Abstract

OBJECTIVE:

To verify whether a deficiency in the cardiac sarcoplasmic reticulum pump SERCA2a causes cardiac dysfunction in humans.

DESIGN:

Cardiac performance was measured in a serendipitous human model of primary SERCA2a deficiency, Darier's disease, an autosomal dominant skin disorder caused by mutations inactivating one copy of the ATP2A2 gene, which encodes SERCA2a.

METHODS:

Systolic and diastolic function and contractility were assessed by echocardiography at rest and during exercise in patients with Darier's disease with known mutations. Fourteen patients with Darier's disease were compared with 14 normal controls and six patients with dilated cardiomyopathy with stable heart failure.

RESULTS:

Resting systolic and diastolic function was normal in patients with Darier's disease and in controls. The increase in systolic function during exercise was not different between patients with Darier's disease and normal controls; neither was there a difference in contractility.

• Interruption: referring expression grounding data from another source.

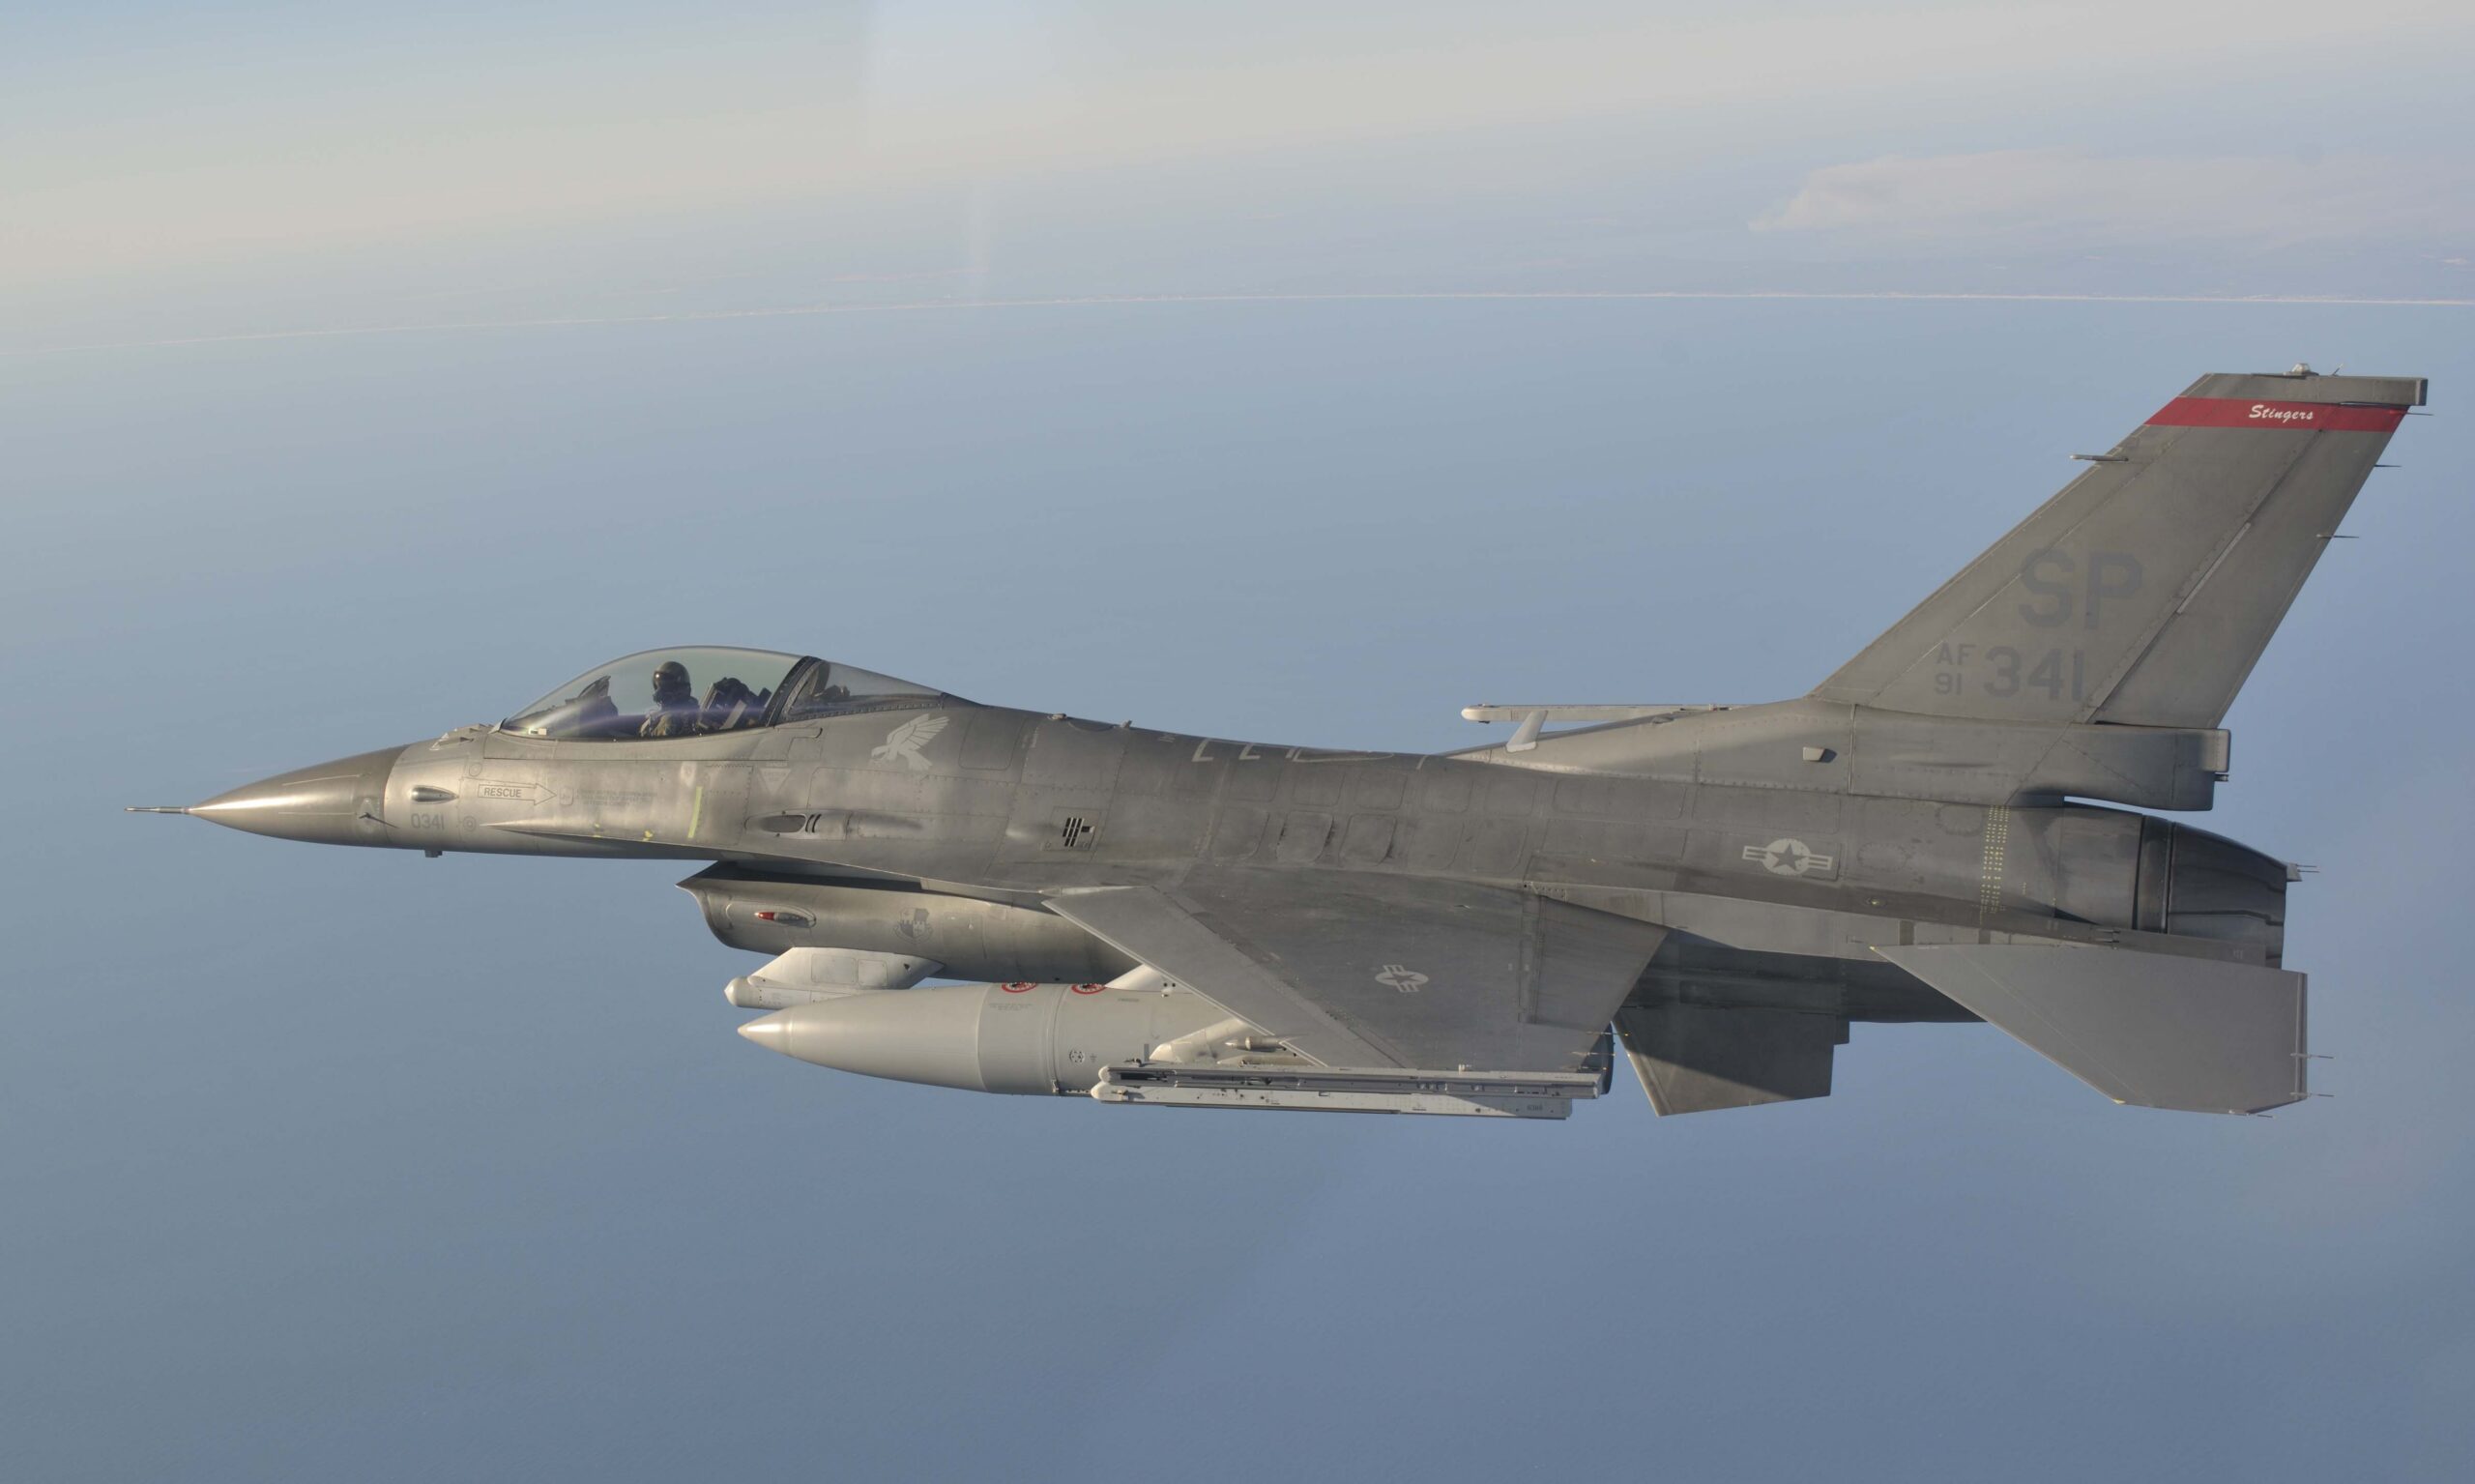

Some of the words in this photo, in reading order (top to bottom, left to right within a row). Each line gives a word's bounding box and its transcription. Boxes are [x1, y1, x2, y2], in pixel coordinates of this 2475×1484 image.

[2248, 403, 2315, 423] Stingers
[2019, 549, 2142, 630] SP
[1936, 643, 1976, 665] AF
[1985, 646, 2083, 702] 341
[1936, 675, 1962, 696] 91
[483, 787, 523, 799] RESCUE
[411, 813, 445, 829] 0341
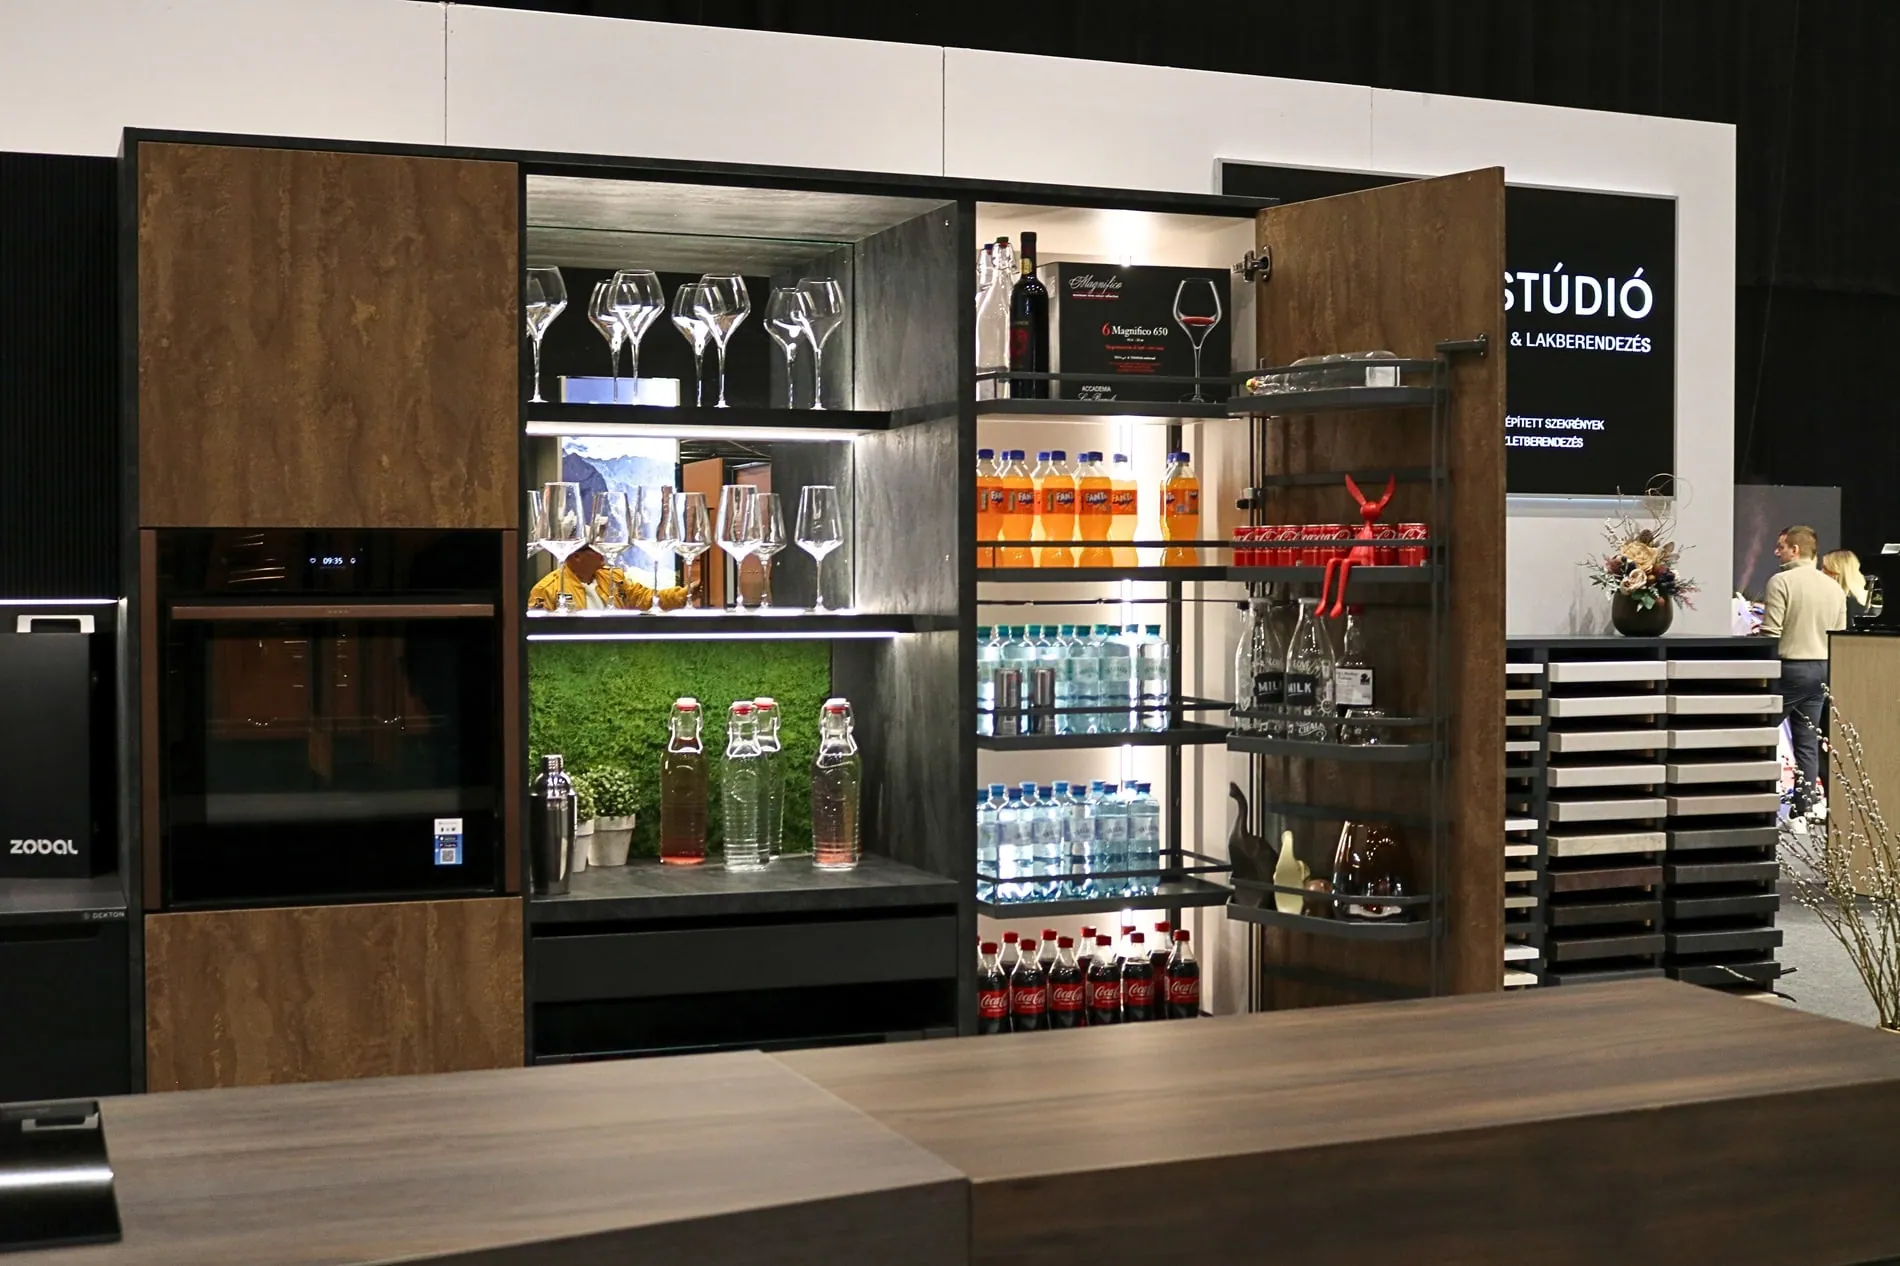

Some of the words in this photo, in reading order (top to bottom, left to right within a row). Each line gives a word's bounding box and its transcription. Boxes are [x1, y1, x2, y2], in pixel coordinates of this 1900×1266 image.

As expected, patients with dilated cardiomyopathy had impaired diastolic and systolic function with depressed contractility at rest and during exercise.

CONCLUSION:

Contrary to expectations, heterozygous disruption of SERCA2a is not associated with the impairment of cardiac performance in humans. Attempts to increase SERCA2a levels in heart failure, although showing promise in rodent studies, may not be addressing a critical causal pathway in humans.